Novo Nordisk Algérie lance « InsuliNN Web Series » pour renforcer la prise en charge du diabète

Novo Nordisk Algérie lance « InsuliNN Web Series » pour renforcer la prise en charge du diabète
Novo Nordisk lance sa série de webinaires « InsuliNN Web Series » en Algérie.

Novo Nordisk Algérie a officiellement lancé, le 7 mai dernier à Alger, « InsuliNN Web Series », une série de webinaires scientifiques pensée pour les professionnels de santé algériens. À travers cette initiative, le laboratoire pharmaceutique entend créer un espace d’échange autour des avancées de l’insulinothérapie et des nouveaux enjeux liés à la prise en charge du diabète en Algérie.

Cette web-série s’inscrit dans une stratégie de formation médicale continue et de diffusion des connaissances scientifiques à l’échelle nationale. Le programme prévoit trois rendez-vous majeurs, programmés les 6 mai, 10 juin et 24 juin 2026.

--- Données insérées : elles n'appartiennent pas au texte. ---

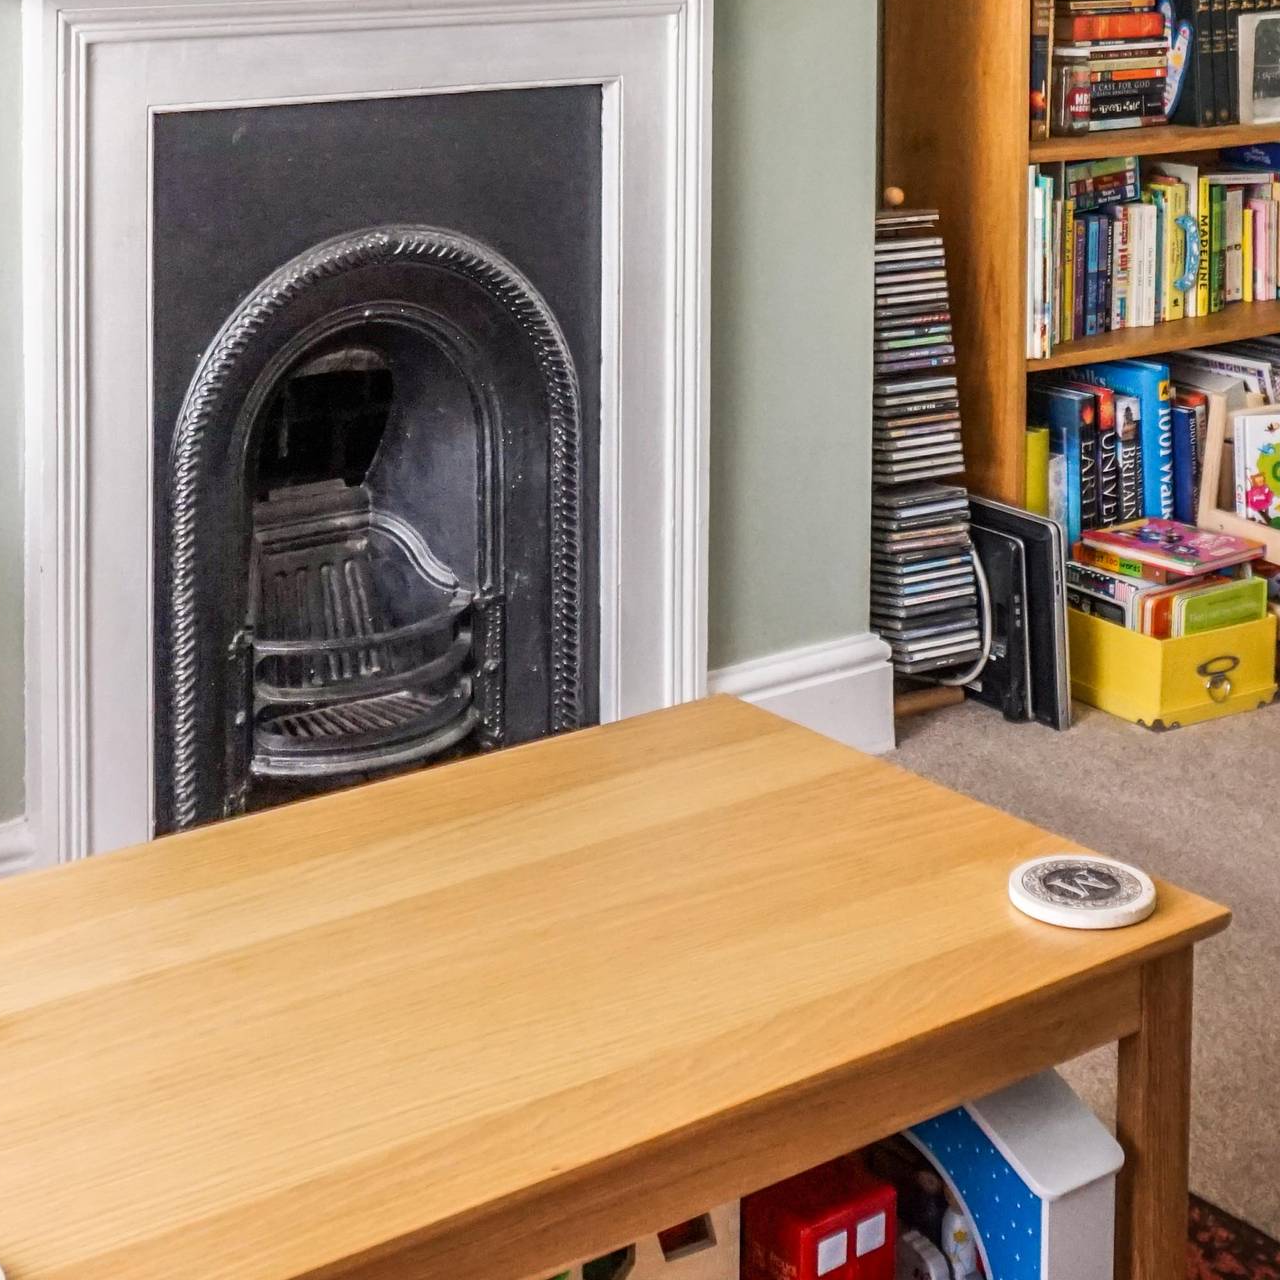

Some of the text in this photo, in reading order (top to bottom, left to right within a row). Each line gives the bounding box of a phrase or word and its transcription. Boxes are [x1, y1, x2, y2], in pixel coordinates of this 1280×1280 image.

Chaque session abordera des problématiques actuelles de la diabétologie avec une approche clinique et pragmatique. Les thèmes retenus portent notamment sur l’évolution de l’insulinothérapie en 2026, l’intensification du traitement du diabète de type 2 ainsi que le rôle du profiling dans l’adaptation thérapeutique des patients.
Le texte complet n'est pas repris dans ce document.